Dataset records:
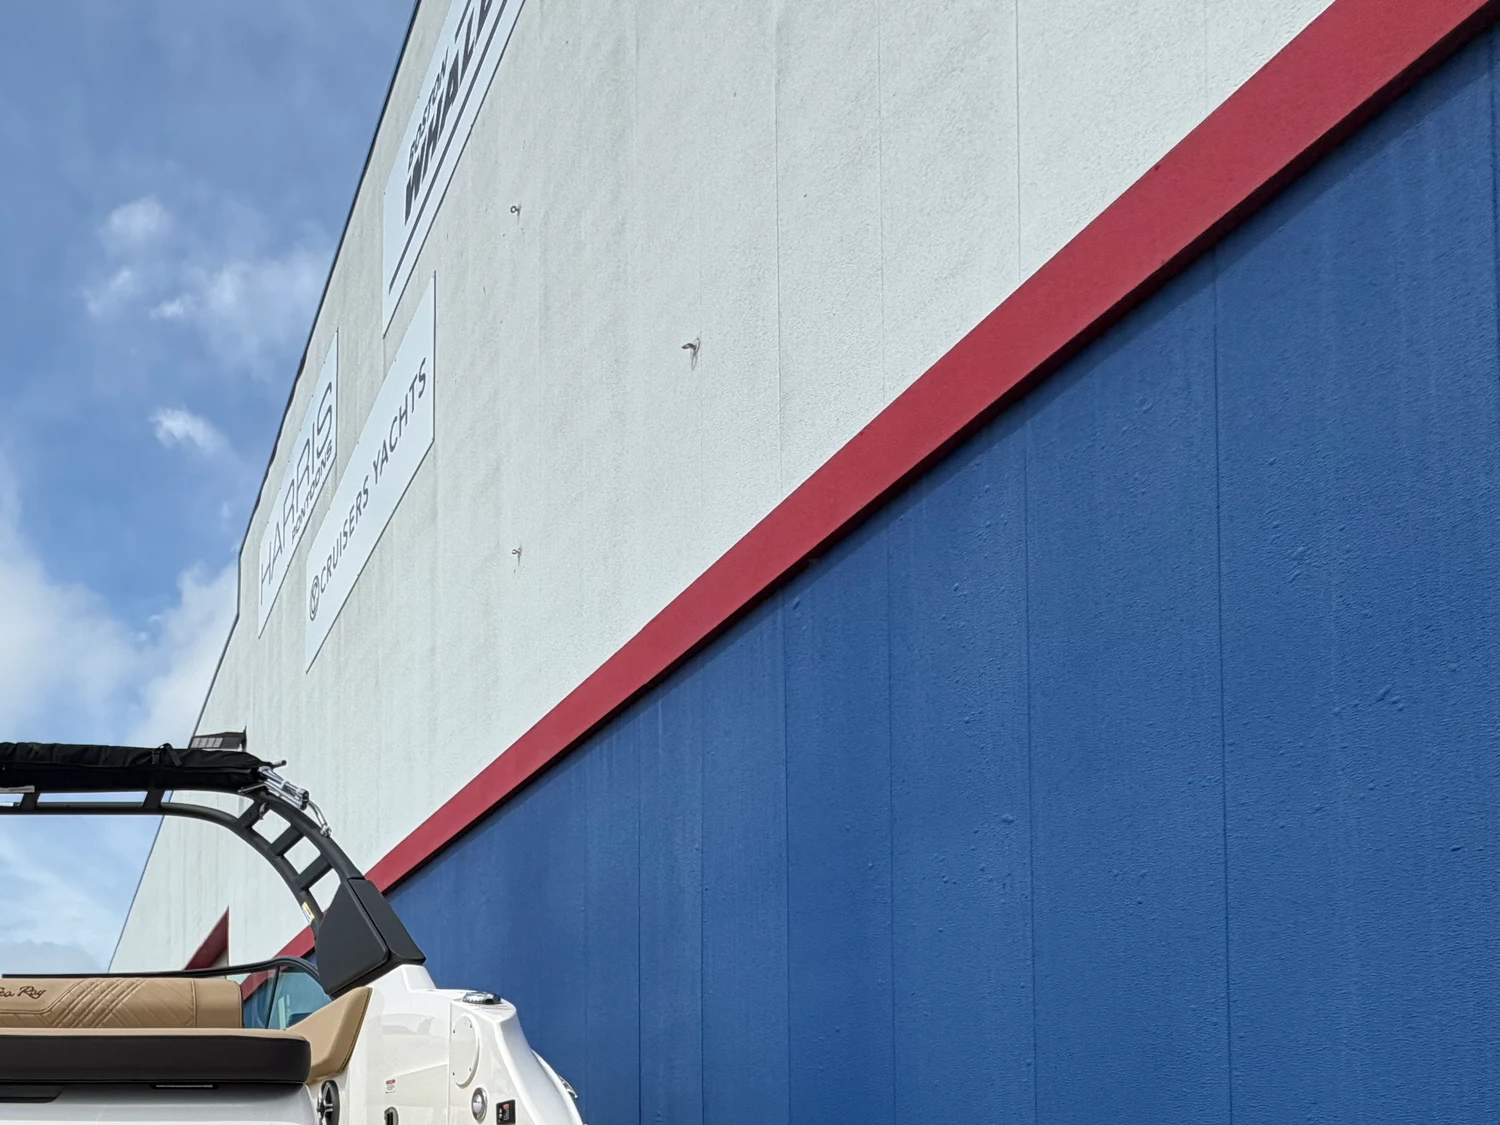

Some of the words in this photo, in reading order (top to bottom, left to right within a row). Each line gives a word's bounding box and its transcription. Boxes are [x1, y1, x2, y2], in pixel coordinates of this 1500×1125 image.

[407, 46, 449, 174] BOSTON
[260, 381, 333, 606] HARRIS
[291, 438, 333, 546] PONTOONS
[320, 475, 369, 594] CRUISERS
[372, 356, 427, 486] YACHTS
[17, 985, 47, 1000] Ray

**ACTIVITY**
Every entry above is to be transcribed exactly, with all pictures left out.

**EXPECTED ANSWER**
Some of the words in this photo, in reading order (top to bottom, left to right within a row). Each line gives a word's bounding box and its transcription. Boxes are [x1, y1, x2, y2], in pixel coordinates of this 1500×1125 image.

[407, 46, 449, 174] BOSTON
[260, 381, 333, 606] HARRIS
[291, 438, 333, 546] PONTOONS
[320, 475, 369, 594] CRUISERS
[372, 356, 427, 486] YACHTS
[17, 985, 47, 1000] Ray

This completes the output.